2-gen can refer to any two faces/slices being turned, so <M,U> or <R,D> are both 2-gen, while <R,U,D> is 3-gen.

2-gen can, being as correct as I know, refer also to algs solved/scrambled with <R U R', D> meaning you're allowed to apply the short sequence "R U R'", its inverse, D, or its inverse.

For this reason, the following algs should be considered 2-gen:
I'll just use | as a random separator
M U M' | <M,U>
R U R' | <R,U>
R U R' D R U' R' D' | <R U R', D>

while this is 3gen
r (R U R' U') r' U2 (R U R U' R2) <R,r,U>


I'd just like to clear up some confusion concerning the n-gen term -
it seems as though people overlook some applications of it.

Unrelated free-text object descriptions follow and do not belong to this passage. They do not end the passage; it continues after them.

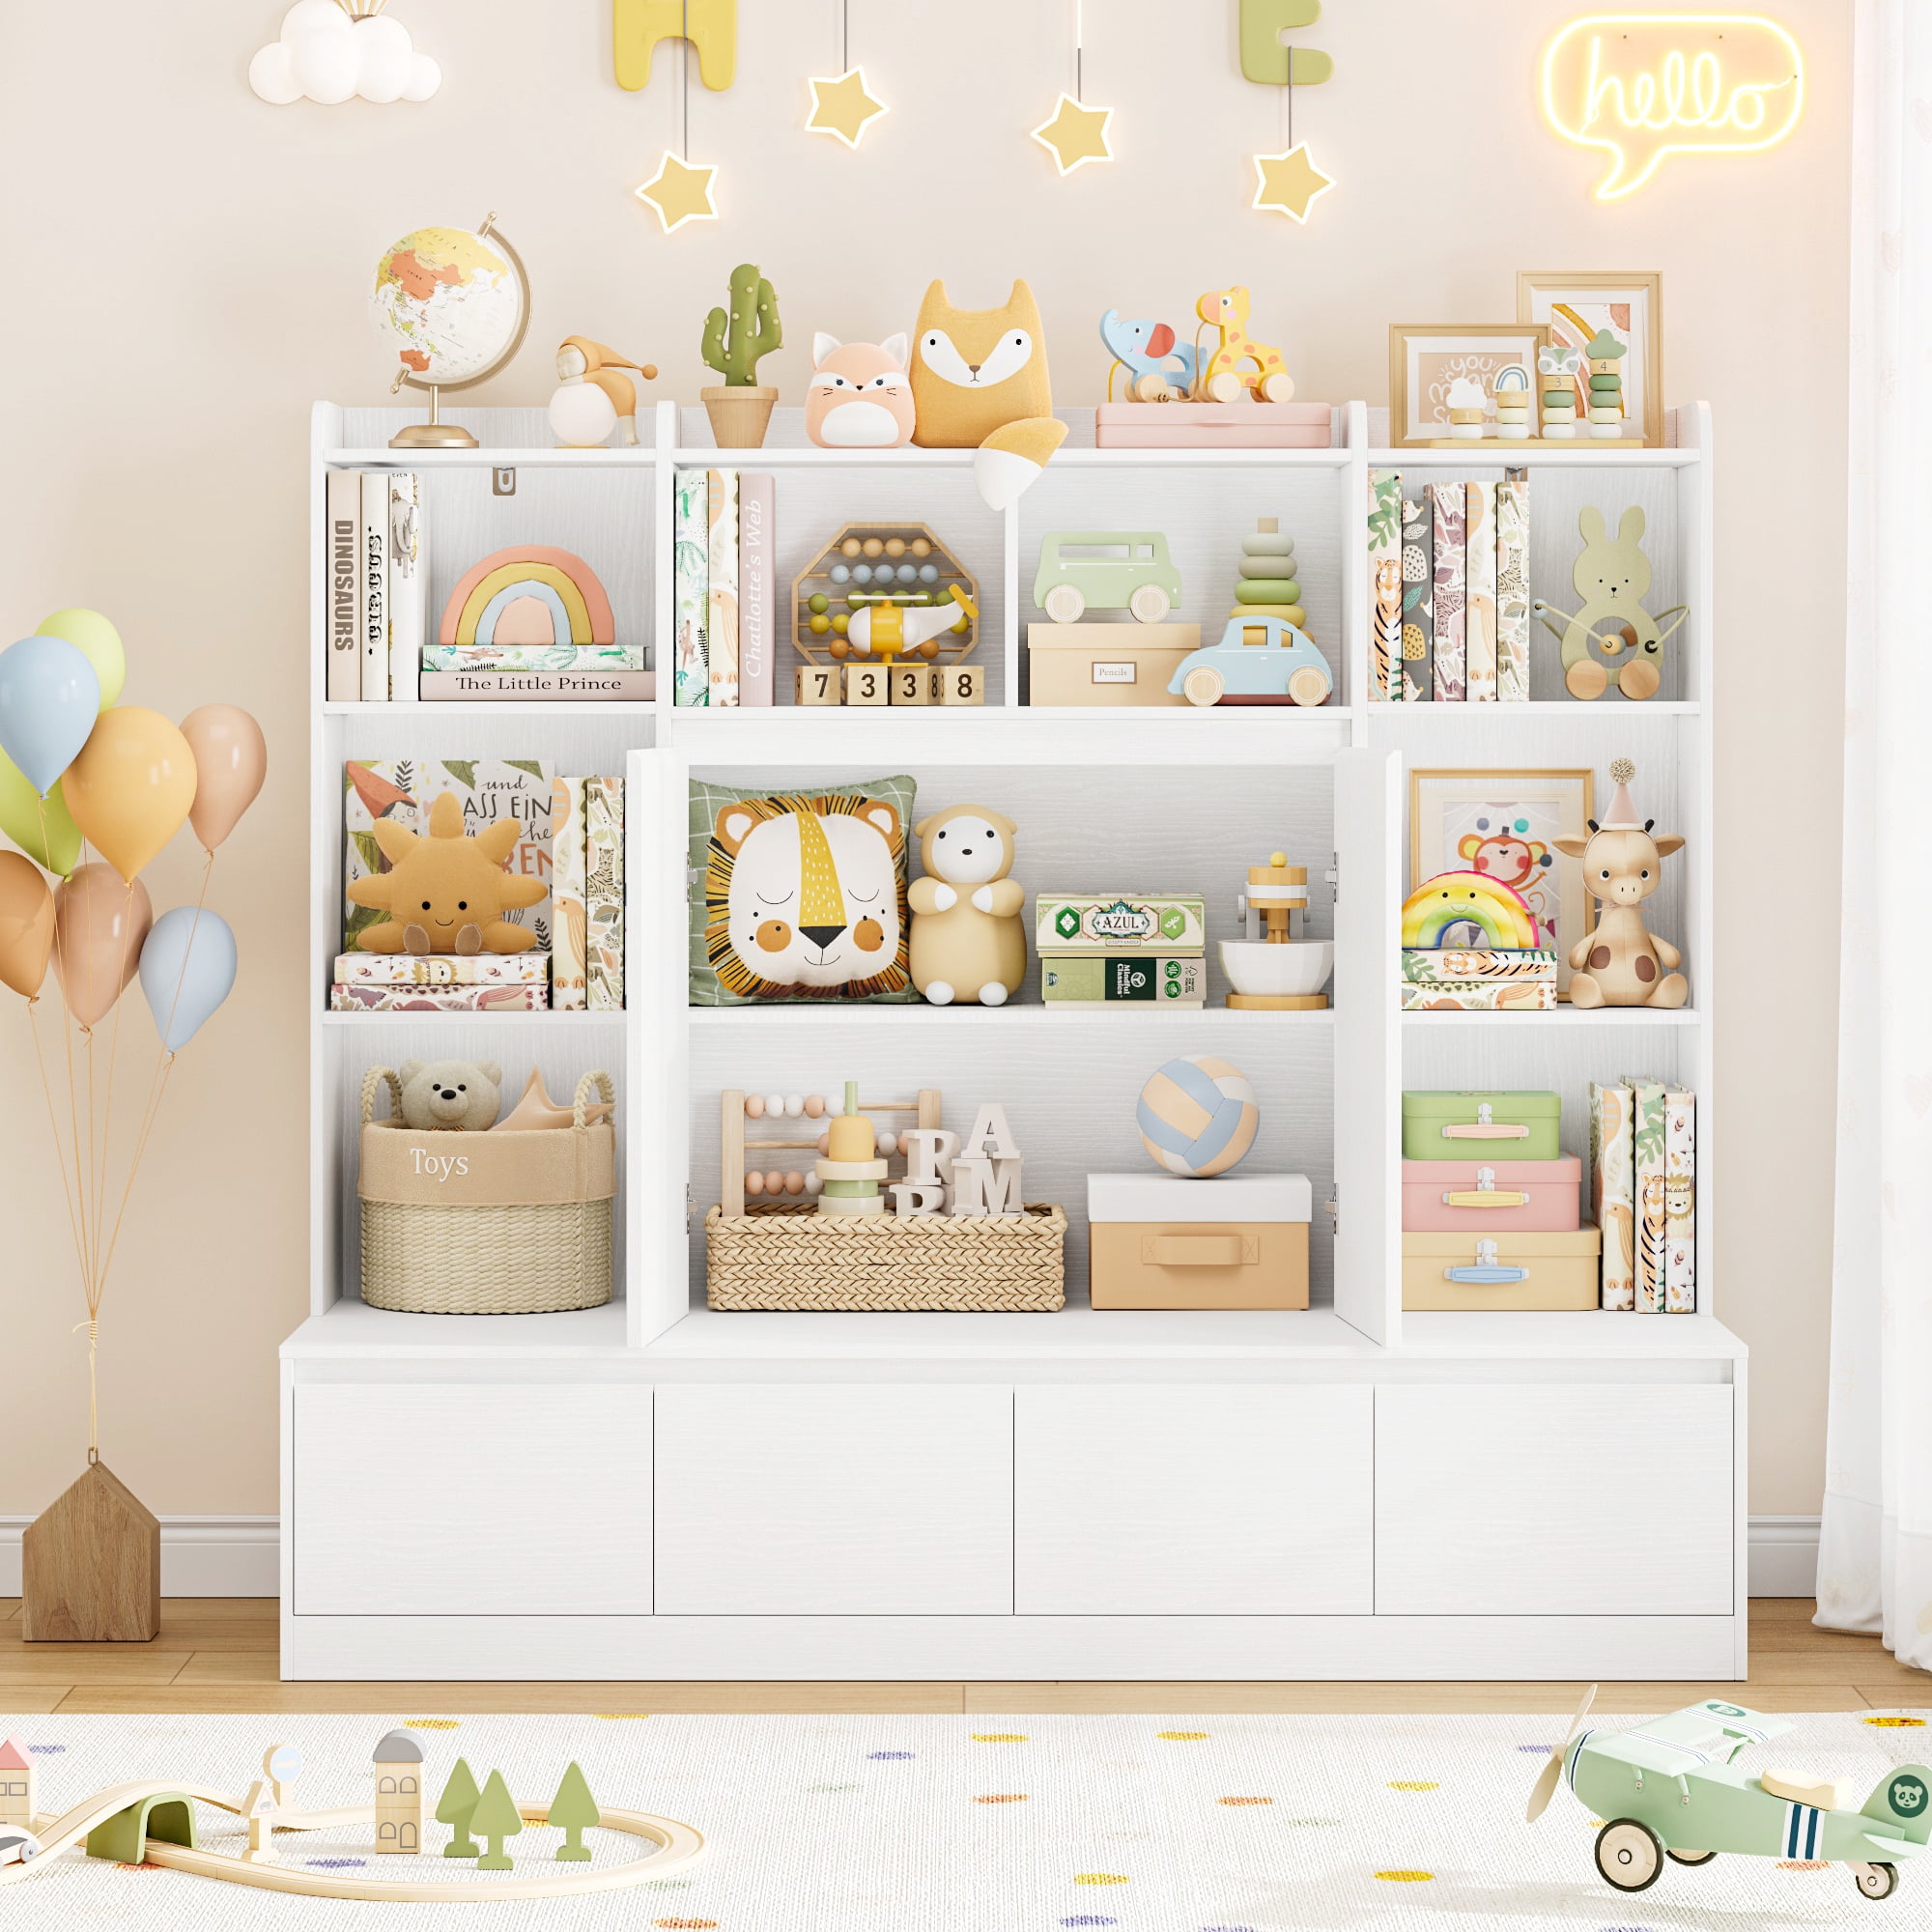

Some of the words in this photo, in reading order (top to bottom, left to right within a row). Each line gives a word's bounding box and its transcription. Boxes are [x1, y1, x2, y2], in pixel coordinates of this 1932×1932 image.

[1584, 35, 1776, 130] hello
[1554, 378, 1562, 388] 3
[1600, 360, 1607, 372] 4
[745, 499, 762, 548] Web
[334, 520, 355, 651] DINOSAURS
[368, 534, 383, 644] CIRCUS
[456, 677, 492, 690] The
[497, 677, 552, 690] Little
[557, 677, 621, 690] Prince
[814, 673, 828, 697] 7
[861, 673, 875, 697] 3
[902, 673, 917, 697] 3
[957, 673, 973, 697] 8
[1098, 668, 1128, 676] Pencils
[481, 775, 527, 790] und
[1102, 916, 1139, 928] AZUL
[961, 1103, 1021, 1158] A
[410, 1148, 469, 1182] Toys
[901, 1128, 958, 1186] R
[952, 1158, 1022, 1214] M

Just as a note, any 3x3 cube solution should be 3-gen at max:


Spoiler



<R,x,y>



Discuss.


----------



## 5BLD (Aug 8, 2011)

Well, theres some common sense involved I guess.
Technically, <R U F2 U' B S2, D> is also 2-gen. Therefore, maybe a solution given to a scrambled cube could be 1-gen, i.e. <solution to the cube>
However, for our uses this isn't exactly practical right?

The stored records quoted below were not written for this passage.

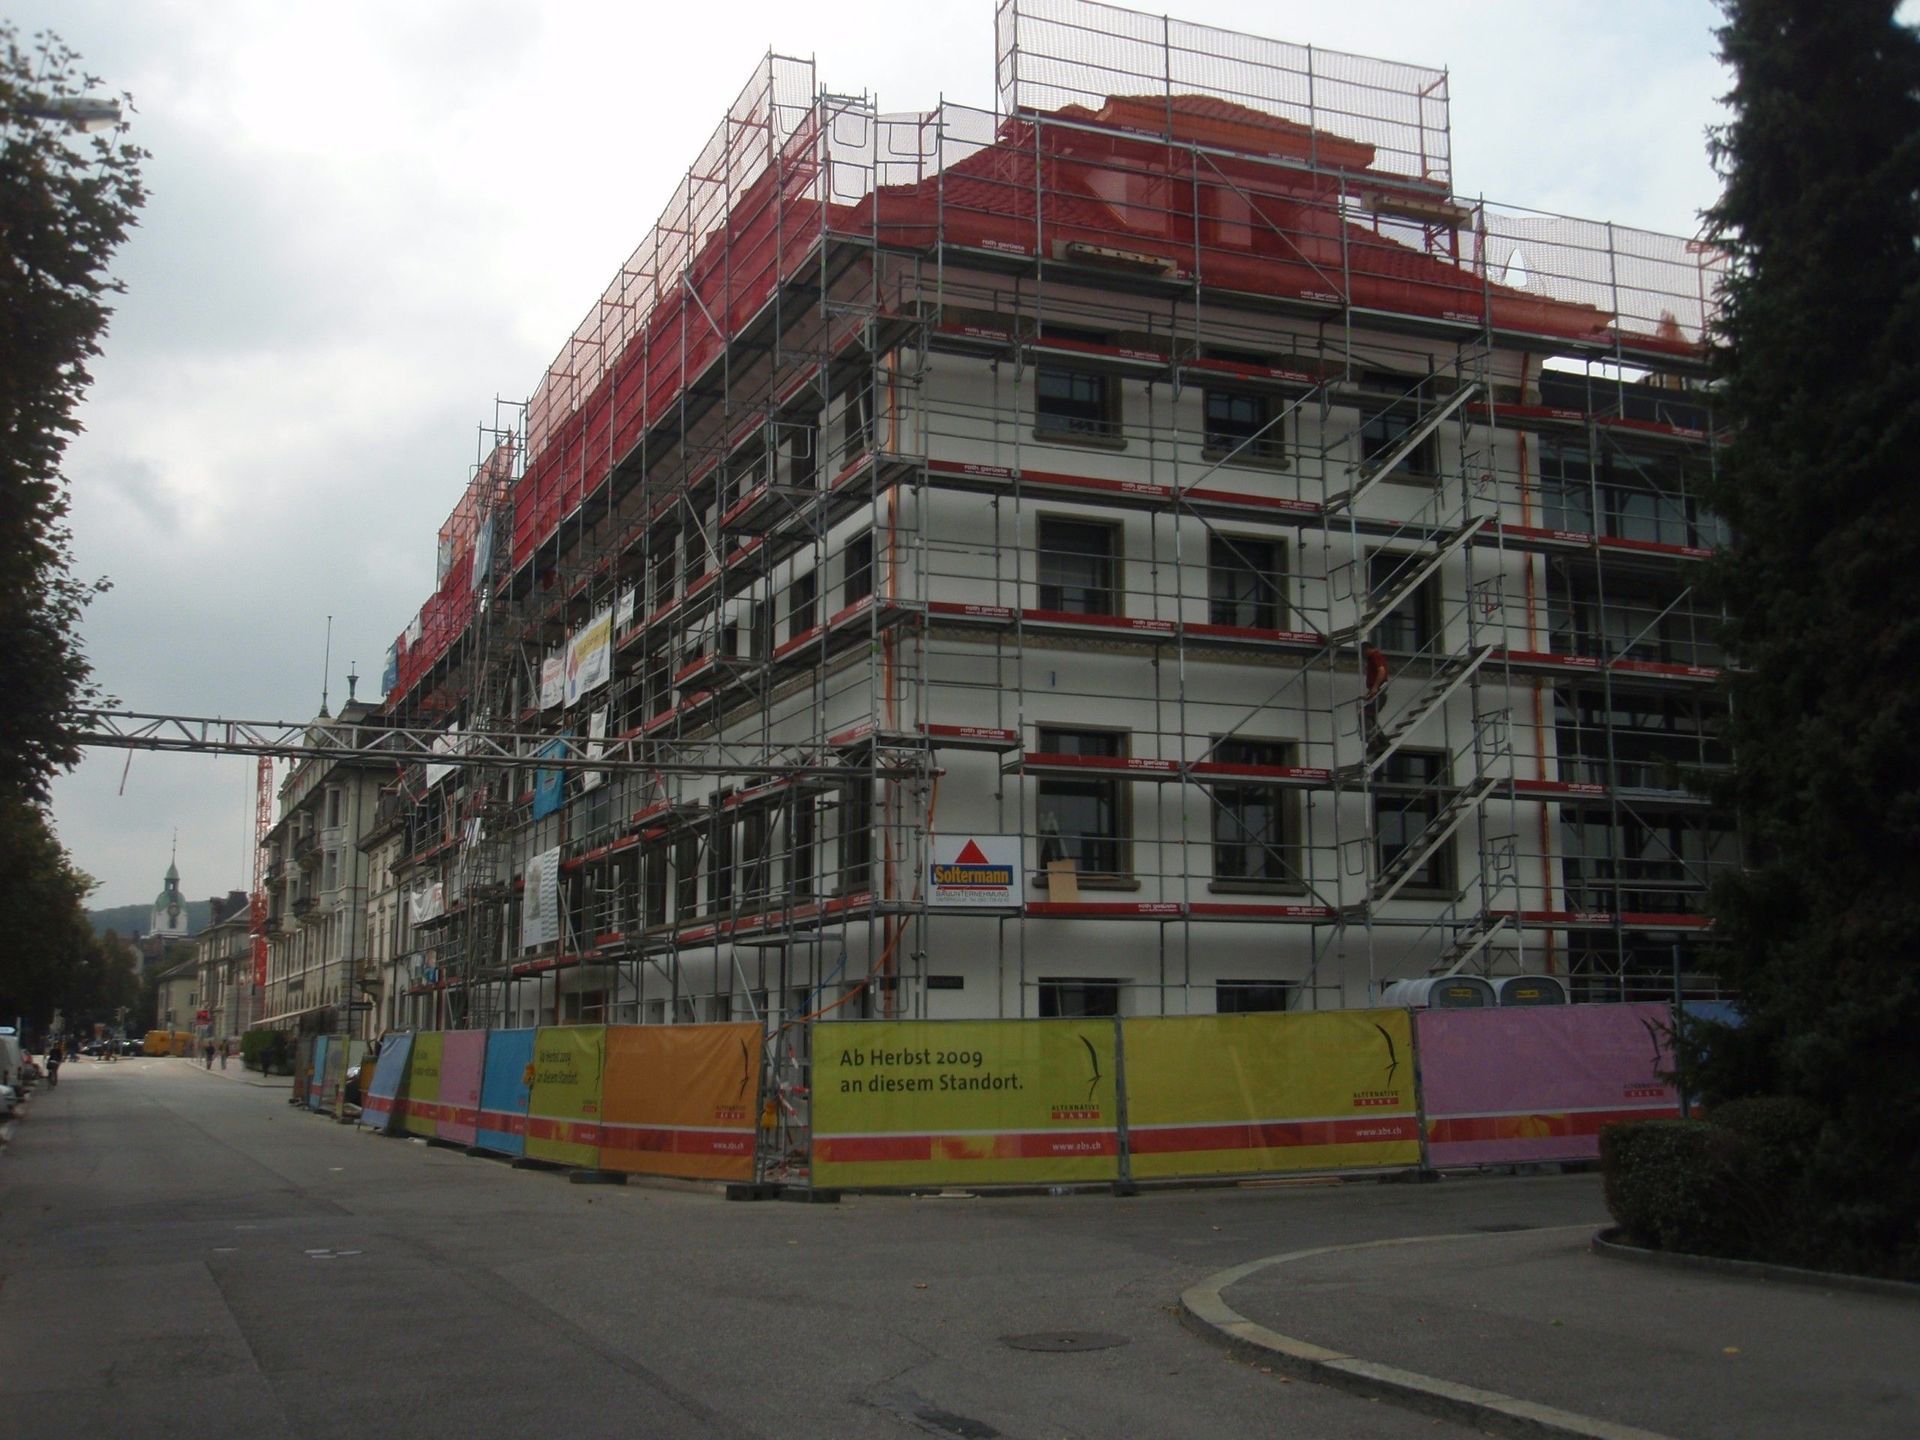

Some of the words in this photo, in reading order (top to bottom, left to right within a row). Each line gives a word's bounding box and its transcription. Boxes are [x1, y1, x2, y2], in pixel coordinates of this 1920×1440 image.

[934, 865, 1009, 884] Soltermann
[840, 1050, 864, 1066] Ab
[871, 1048, 931, 1066] Herbst
[936, 1051, 982, 1068] 2009
[840, 1079, 863, 1093] an
[868, 1074, 934, 1092] diesem
[939, 1072, 1024, 1092] Standort.

By the way, I'm just pondering...


----------



## StachuK1992 (Aug 8, 2011)

Clarification:
ALL 3x3 scrambled positions can be solved with the *same* 3-gen restrictions.
I think that's better?


----------



## Escher (Aug 8, 2011)

<R U R' U R U2 R', R U R' F' R U R' U' R' F R2 U' R'>

You make it sound as though <R U R', D> is something special...


----------



## StachuK1992 (Aug 8, 2011)

Of course it's nothing special. I just like my <R,U,D> algs and that's the first generator combination that came to mind.


----------



## Escher (Aug 8, 2011)

StachuK1992 said:


> Of course it's nothing special. I just like my <R,U,D> algs and that's the first generator combination that came to mind.


 
Sure, I was just trying to point out it didn't sound like an analogy/example of something bigger.


----------



## Sa967St (Aug 8, 2011)

Is there another term that can be used to describe a sequence of turns that involve N faces? 

e.g. 
Person A: "R U R' D R U' R' D' is 3-gen because it uses 3 different faces." 
Person B: "No it's not 3-gen because it can be notated as <R U R', D>, you mean it's 3-______."


----------



## 5BLD (Aug 8, 2011)

StachuK1992 said:


> Clarification:
> ALL 3x3 scrambled positions can be solved with the *same* 3-gen restrictions.
> I think that's better?


 
Yah.
But still, with your definition... ANY alg could be 2gen.

As I said there's common sense involved...
My point is that ANY sequence of moves can be 2gen by definition.
Also, if RUL is 2-gen, it means on two axes then, not just two layers?
The definition is a bit vague in my opinion.


----------



## Escher (Aug 8, 2011)

5BLD said:


> Yah.
> But still, with your definition... ANY alg could be 2gen.
> 
> As I said there's common sense involved...
> ...



How is it vague?

Don't use Stachu's post as a perfect definition of '2-gen'. It doesn't really tell you what a generator is. 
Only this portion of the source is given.